The simulations presented here illustrate the importance of congruence between the accuracy of observations and the level of information included in prior distributions. In particular, the inappropriate use of informative priors can be misleading in this context. In our results, for example, the combination of informative Gaussian priors with inaccurate observations effectively eliminates the physiologically reasonable “heart failure” peak in both the posteriors after a single observation of low blood pressure and the post-resuscitation posteriors for the low-response case, while the peak is still clearly evident in the case of uniform priors (Figures 5B2, 5B3, 6B2, and 6B3). This example demonstrates that a conscious choice needs to be made as to whether an interpretation based on population-level probabilities (corresponding to the use of informative priors) or an unbiased assessment of physiological possibilities (corresponding to the use of uniform priors) is more appropriate, when only few, low-quality measurements are available. Whether an optimal degree of incorporation of population-based information exists and how such an optimum could be defined are highly relevant issues that remain to be explored.

Ill-Posedness of the Inverse Problem and Regulatory Mechanisms in Physiology

Our observations suggest that when addressing inverse problems in quantitative physiology, the traditional approach of requiring a unique optimal solution may be misleading and introduce unnecessary information loss, at least in situations where the additional computational burden of characterizing the posterior distributions more fully is not prohibitive. Model reduction to eliminate perceived “overparametrization” may weaken the correspondence of components of a physiologically faithful mathematical model with components of the actual physiological system it describes.

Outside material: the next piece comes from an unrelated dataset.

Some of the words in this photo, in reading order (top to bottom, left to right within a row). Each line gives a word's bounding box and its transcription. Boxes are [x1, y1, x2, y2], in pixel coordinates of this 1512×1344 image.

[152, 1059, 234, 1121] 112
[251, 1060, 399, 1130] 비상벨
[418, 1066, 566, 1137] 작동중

Furthermore, we hypothesize that the ambiguity of the mapping from observation to parameter space is at least partially due to a characteristic particular to physiological systems, namely their ability to tightly control certain system states via highly tuned, and often nested, internal regulatory feedback control mechanisms, such as the baroreflex in our simple example. In situations where such a controlled variable is observed, the ambiguity in the mapping from observation to parameter space is naturally exacerbated since perturbations of the observable will be compensated by alterations of other, possibly unobserved system states, as has already been proposed in a neurophysiological context [35]. Since a living organism is a system that maintains a state of dynamical equilibrium at energy expenditure, this phenomenon is likely to be the rule rather than the exception. A more precise formulation of this qualitative observation is the subject of current investigation.

Future Challenges

Cardiovascular system model.

While the current system of ODEs appears suitable for the purposes of this report, further investigations relating the theoretical properties of the underlying hybrid system and of its continuous time approximation may yield deeper insights into the dynamics of the physiological system modeled and extend the applicability of the model. Furthermore, the relationship between the stability of fixed points of the isolated heart model and the full coupled system incorporating baroreflex warrants further investigation. Quantitative calibration and validation would naturally be desirable.

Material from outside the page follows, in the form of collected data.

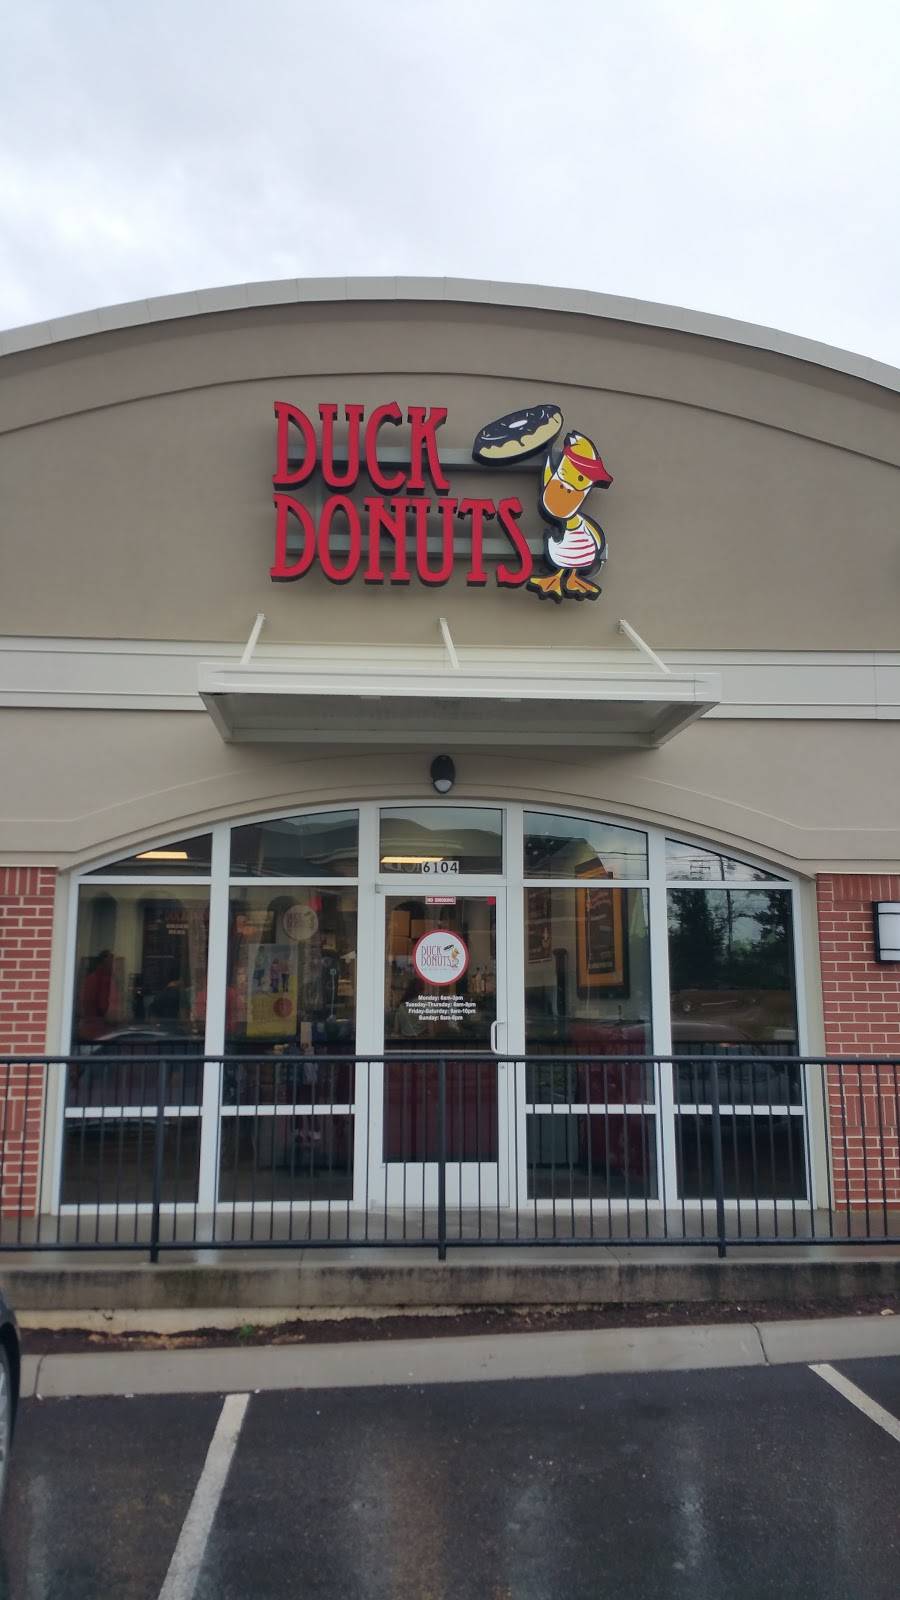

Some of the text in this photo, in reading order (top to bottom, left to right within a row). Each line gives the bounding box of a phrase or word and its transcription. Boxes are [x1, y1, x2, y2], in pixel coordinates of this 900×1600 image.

[272, 400, 450, 495] DUCK
[270, 493, 533, 587] DONUTS
[423, 861, 458, 873] 6104
[421, 945, 442, 957] DUCK
[421, 956, 451, 967] DONUTS

Clinical applicability of a probabilistic approach to inverse problems in mathematical physiology.

There are core theoretical and methodological challenges in expanding the proposed approach to realistic settings. A common aspect of most of these challenges is the “curse of dimensionality,” which is associated with the challenge of tackling high-dimensional problems in a computationally tractable fashion. Specific subproblems of immediate interest include the optimal inference of prior densities of parameters and system states from population-level data [36], the estimation of posterior densities from prior densities given current observations, the propagation of resulting state densities using estimated parameters, the visualization and computer-aided interpretation of high-dimensional posteriors, the extension of this methodology toward optimization of diagnosis and therapy, perhaps using control theoretical approaches, and, finally, the validation of the entire system or of some practical subcomponents, according to the criteria of evidence-based medicine. Recent methodological developments in the areas of sequential and Markov chain Monte Carlo methods [37,38] and sparse grids, and the continued exponential growth of available computational power, may contribute to making these steps feasible for reasonably sized models and datasets in the near future, possibly for real-time bedside use.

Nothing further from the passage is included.